Further, much work remains to empirically evaluate the validity of the wide variety of hypotheses that have been proposed regarding the origin of the variance-heterogeneity signals. These include variance-heterogeneity being a single locus property due to for example allelic heterogeneity, incomplete linkage disequilibrium and developmental instabilities [6,16,23], or the result of its interactions with other genetic or environmental factors (i.e. epistasis or gene-by-environment interactions) [16,21,25]. The first suggestive empirical evidence for variance-heterogeneity being a property of a single locus was recently presented in an unpublished study by Ayroles et al. [24]. In that study, a vGWA association to a behavioral phenotype in the Dropsophila Genome Reference Panel (DGRP) was determined to be driven by a mutation in the Ten-a gene. However, more work is needed to fully understand the molecular genetic mechanisms underlying variance-heterogeneity associations to evaluate how these loci contribute to the genetic architecture of complex traits.
Allelic heterogeneity could cause a genetic variance-heterogeneity in a GWA study where tests for associations are to bi-allelic markers (see e.g. [16]). It is well known that major loci affecting traits under selection often evolve multiple mutations with variable effects on the phenotype. Some examples of this have been studied in detail in domestic animal populations, and major contributions have been illustrated for Mendelian traits, such as coat color [27–29], and complex traits including muscularity in cattle [30] and meat quality in pigs [31]. Allelic diversity has also been found in natural populations, where the work by Poormohammad et al. [32] is particularly interesting for this study as it illustrates the potentially adaptive value of allelic diversity at the Molybdate transporter 1 (MOT1) gene in A. thaliana. Despite this, complex trait genetic studies often ignore such allelic complexity in the initial genome-wide analyses although some exceptions exist [33,34].
The vGWA approach opens new opportunities to identify such multi-allelic loci via a straight-forward extension of the standard GWA framework [20]. The reason for this can be illustrated using the following example. Consider a GWA analysis to a bi-allelic SNP marker that tags two versions of an LD-block in the genome. If within this LD-block more than two functional alleles exist that contribute to the trait of interest, the SNP marker will not be able to tag these perfectly. If the functional alleles are evenly distributed across the two versions of the LD block tagged by the SNP genotypes, there will be no association detected in the GWA regardless of whether the test is performed on the scale of the mean or the variance.
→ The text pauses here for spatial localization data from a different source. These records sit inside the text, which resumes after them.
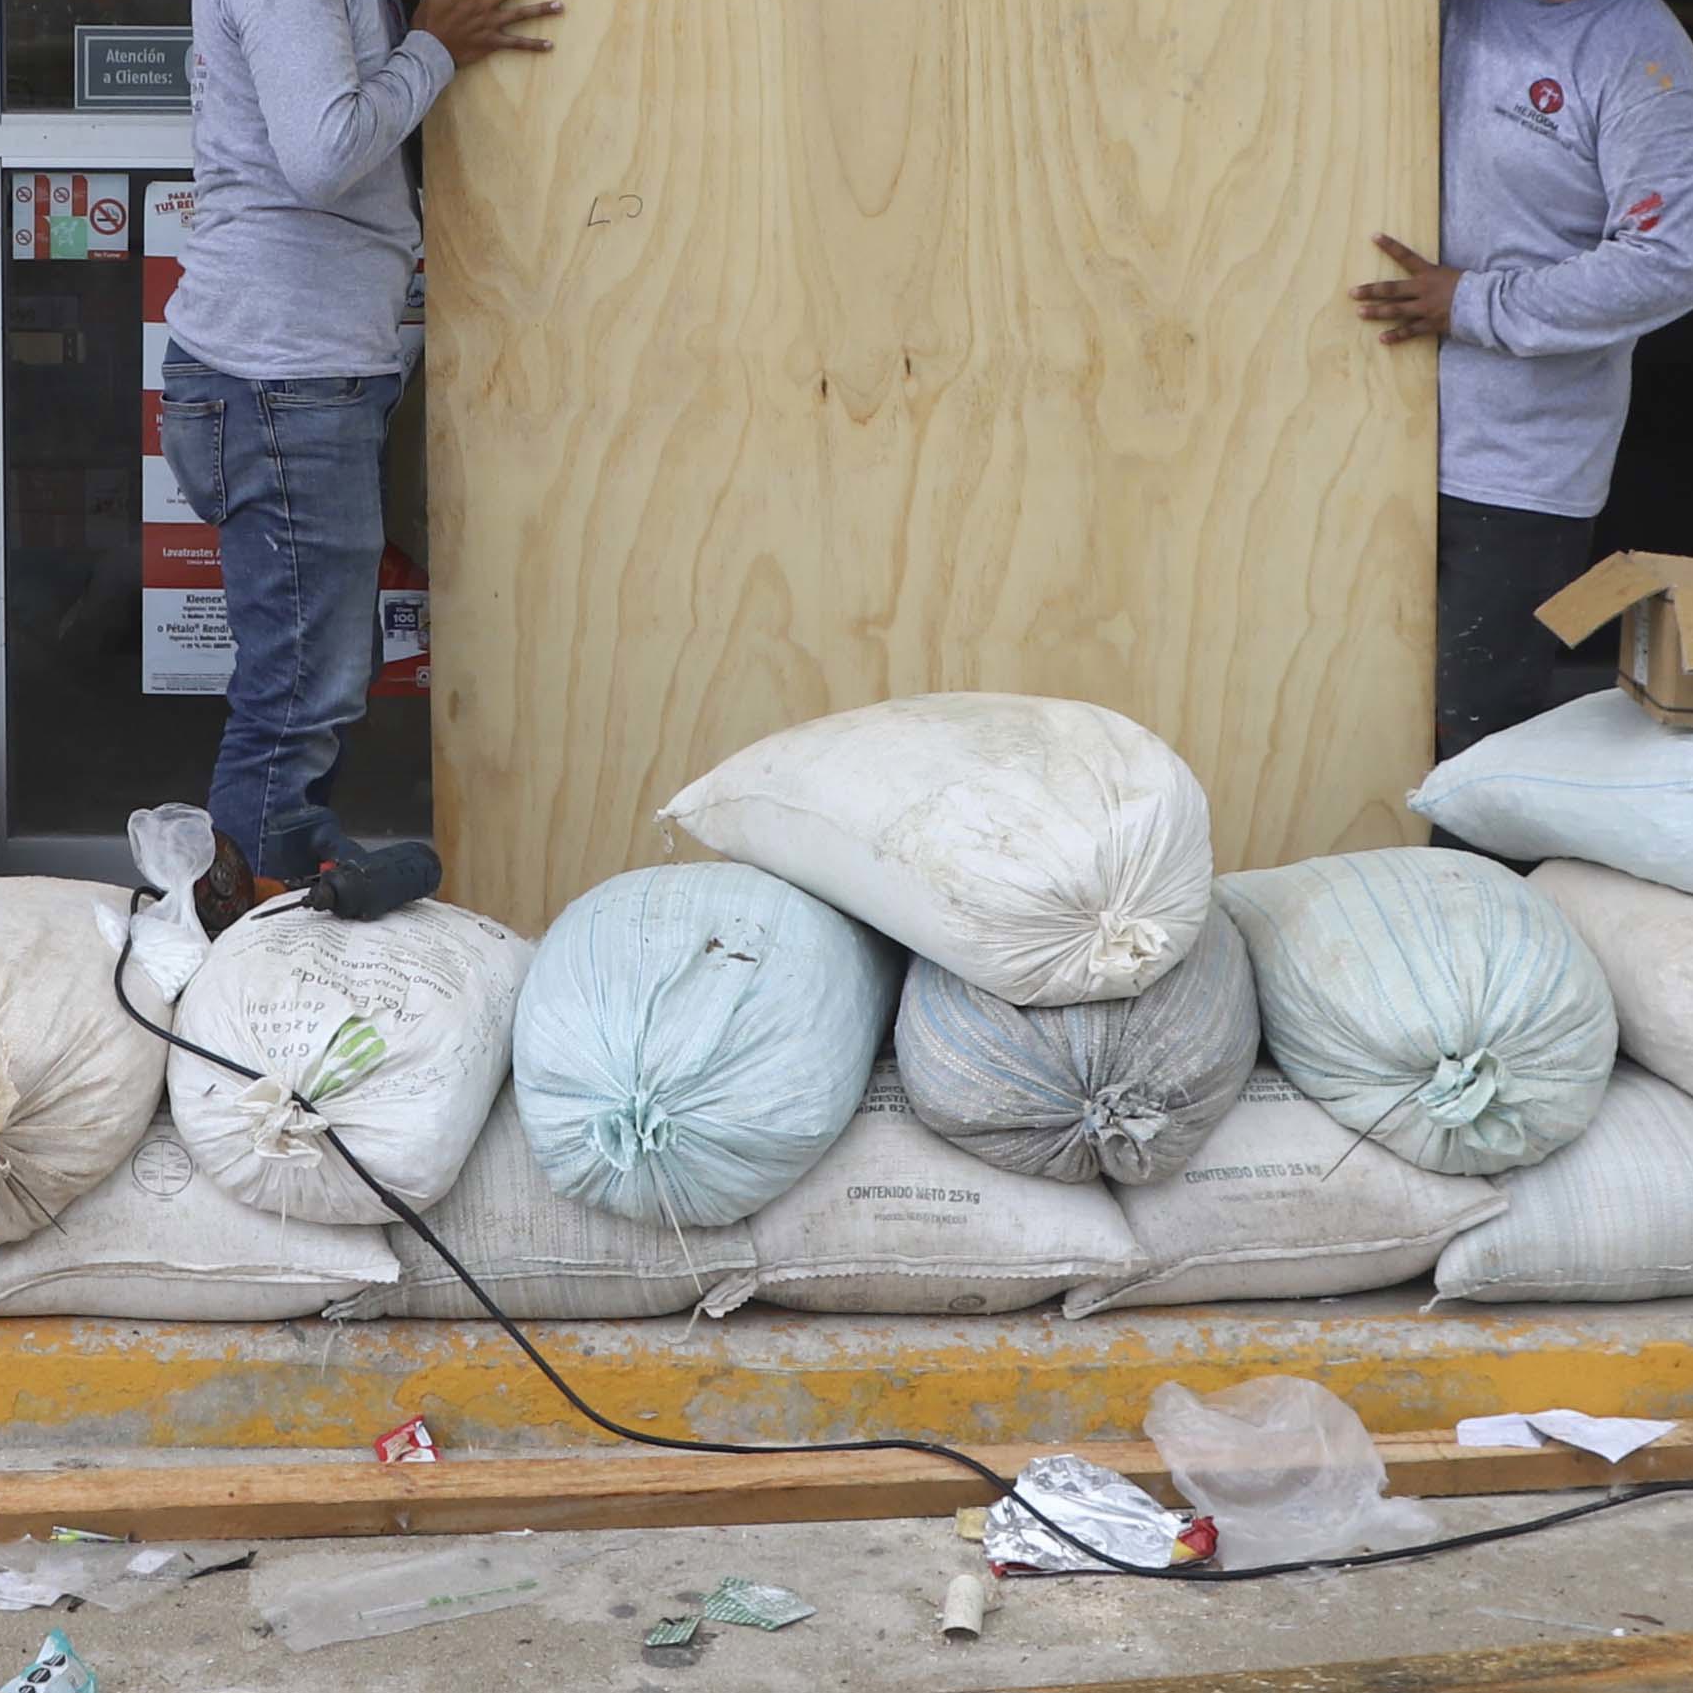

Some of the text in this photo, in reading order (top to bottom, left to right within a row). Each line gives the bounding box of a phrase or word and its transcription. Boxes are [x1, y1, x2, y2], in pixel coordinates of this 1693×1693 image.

[106, 49, 166, 65] Atención
[103, 69, 173, 85] a Clientes:
[168, 192, 193, 200] PARA
[155, 202, 175, 212] TUS
[163, 547, 214, 558] Lavatrastes
[393, 613, 416, 623] 100
[157, 625, 164, 633] o
[1184, 1166, 1253, 1184] CONTENIDO
[1255, 1165, 1287, 1181] NETO
[1288, 1163, 1305, 1177] 25
[846, 1186, 981, 1204] CONTENIDO NETO 25 kg
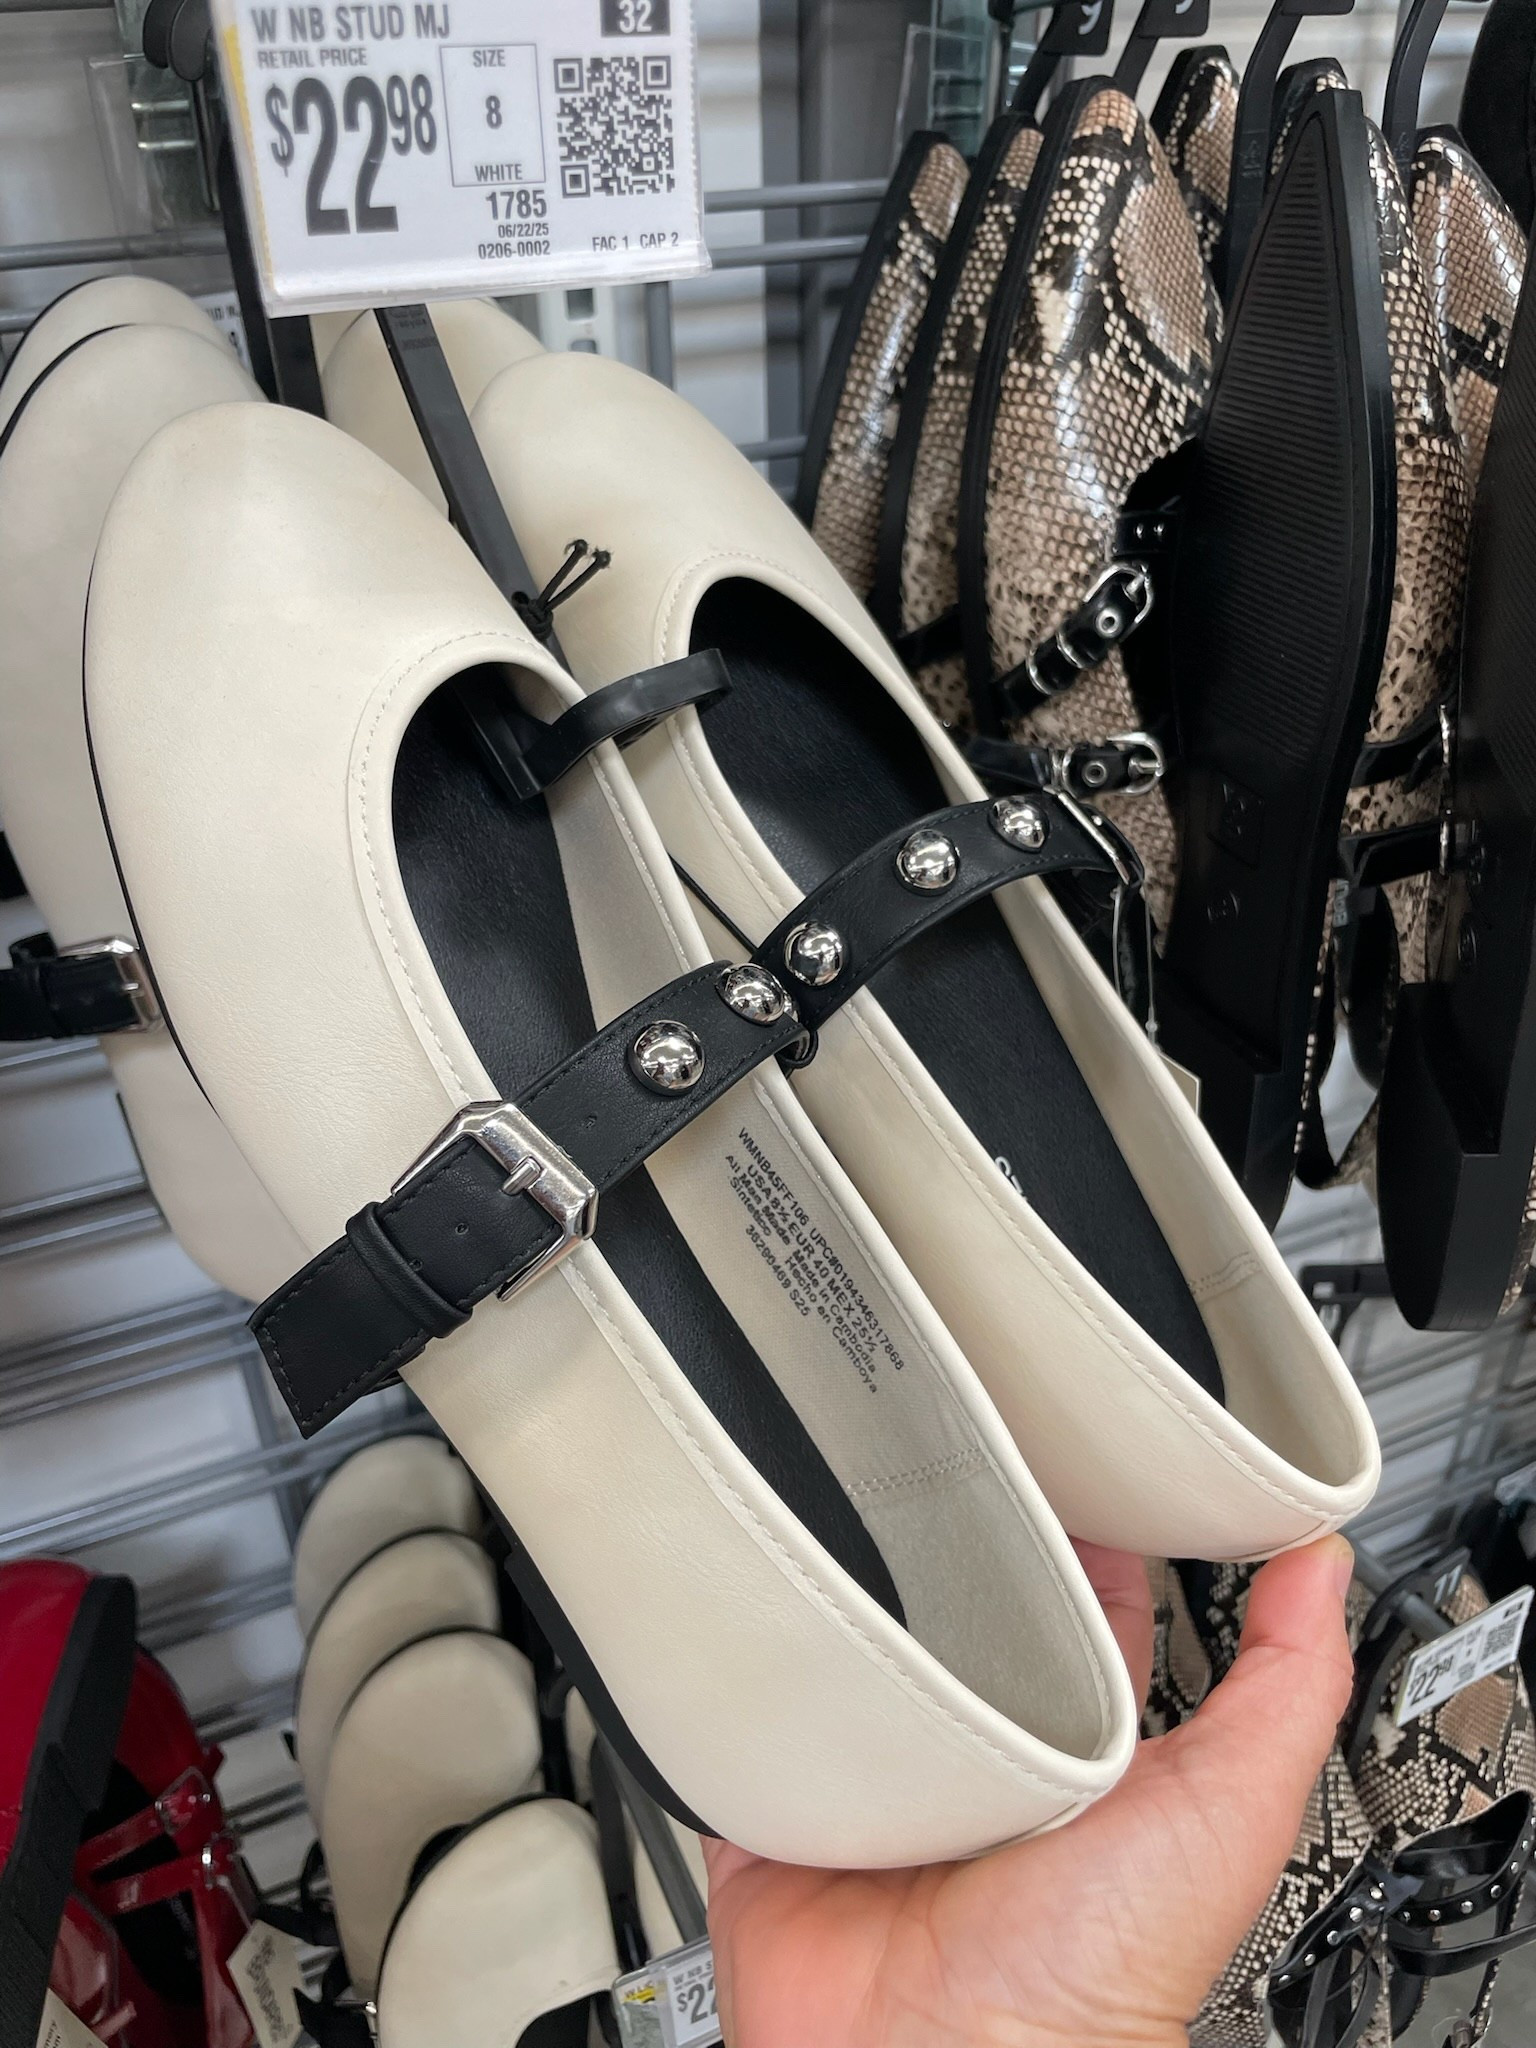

If, on the other hand, the functional alleles are unevenly distributed such that the version of the LD-blocked tagged by one of the SNP marker alleles is associated with multiple functional variants with different effects on the trait, whereas the version tagged by the other marker allele is associated with functional alleles with the same phenotypic effect, there will be a difference in variance between the genotypes. If all of the alleles associated with one of the genotypes either increase or decrease the phenotype when compared to the allele at the other locus, some effect can also be observed on the mean. If, on the other hand, some of the alleles increase and others decrease the trait relative to the allele on the other version of the LD-block, only a variance effect can be observed. Hence, re-analyses of GWA datasets using a vGWA approach, followed by explorations of the underlying mechanisms, present new opportunities for identifying contributions by allelic heterogeneity to the variability of complex traits in natural populations.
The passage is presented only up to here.